Procizumab is a monoclonal antibody that neutralizes circulating dipeptidyl peptidase 3 (cDPP3), a cardiac depression factor and key pathological driver in shock. Circulating DPP3 degrades angiotensin II, inducing a loss of control over the renin-angiotensin-aldosterone system (RAAS). This dysregulation leads to cardiovascular collapse, marked by organ failure and ultimately, death. In preclinical studies, procizumab has been shown to inhibit cDPP3 activity, resulting in restored control over the RAAS system, normalized cardiovascular function, and improved survival.

“The initiation of this study marks a major milestone for 4TEEN4 as we advance our monoclonal antibody into later-stage clinical trials,” stated Dr. Andreas Bergmann, CEO of 4TEEN4 Pharmaceuticals. “Procizumab has already demonstrated the ability to reverse shock in both pre-clinical models and first clinical use, underscoring its therapeutic potential.”

“Extensive research across more than 100,000 critically ill patients established that high levels of cDPP3 significantly indicate short-term mortality in shock patients,” commented Alexandre Mebazaa, MD, PhD, Professor of Medicine at Université Paris Cité in France and Principal Investigator for the PROCARD1 study. “In many patients, shock progresses rapidly after cDPP3 levels exceed the normal threshold, at which point the likelihood of recovery declines dramatically. Procizumab is designed to intervene by neutralizing the negative effect of cDPP3. This mechanistic approach could enable a significant reduction in mortality by intervening at the biological root of shock, rather than its downstream effects.”

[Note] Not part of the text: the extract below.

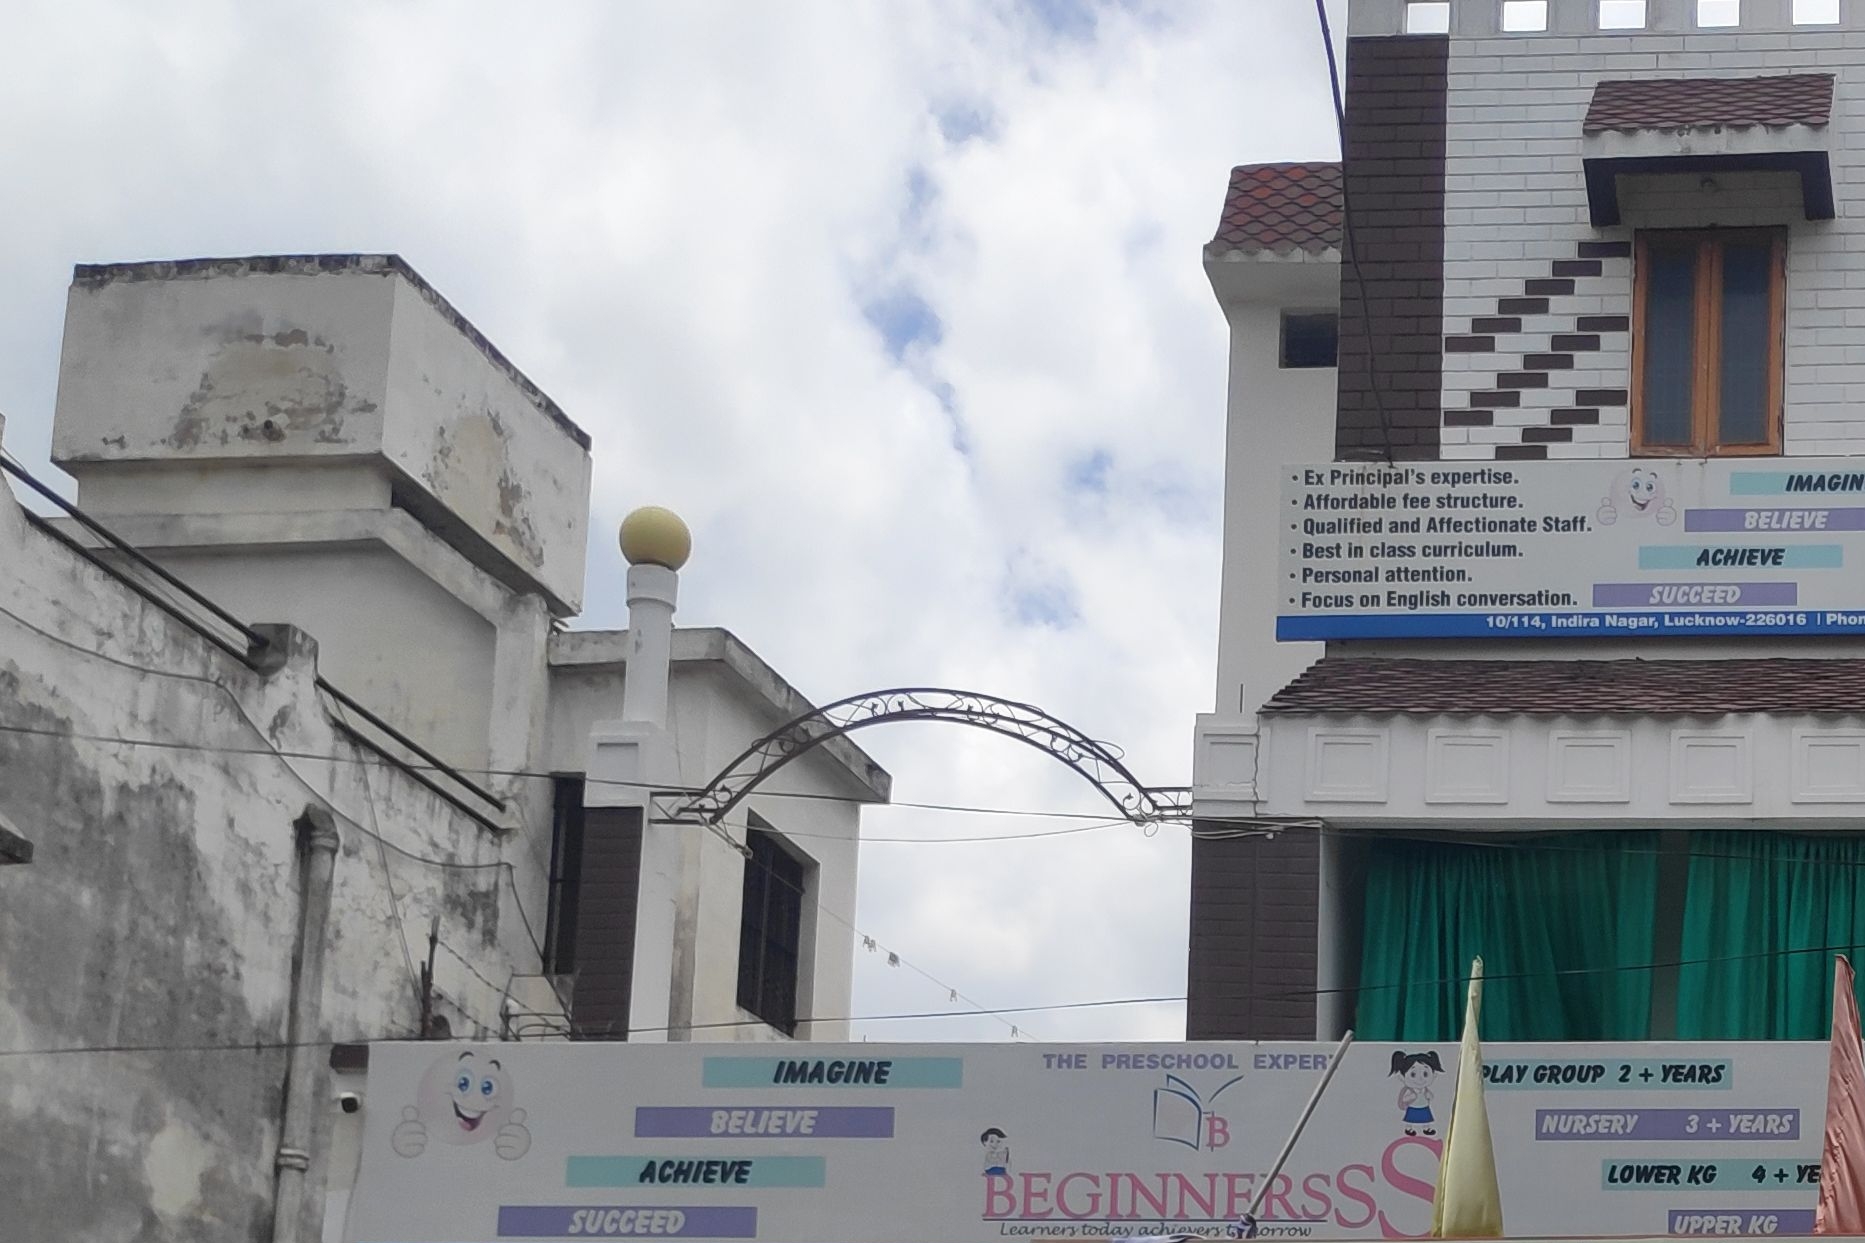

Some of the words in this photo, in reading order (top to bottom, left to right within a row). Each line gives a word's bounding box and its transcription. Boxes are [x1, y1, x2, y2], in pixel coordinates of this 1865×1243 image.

PROCARD1 (NCT06832722) is a multicenter, randomized, double-blind, placebo-controlled Phase 1b/2a trial assessing the safety, tolerability, pharmacokinetics (PK), and pharmacodynamics (PD) of procizumab in patients with cardiogenic shock and elevated cDPP3 levels. Up to 70 patients will be enrolled across 11 centers in Belgium, the Czech Republic, France, the Netherlands, and Poland. Patients will receive a single intravenous dose of either procizumab at 10 mg/kg, 20 mg/kg, or placebo, alongside standard of care.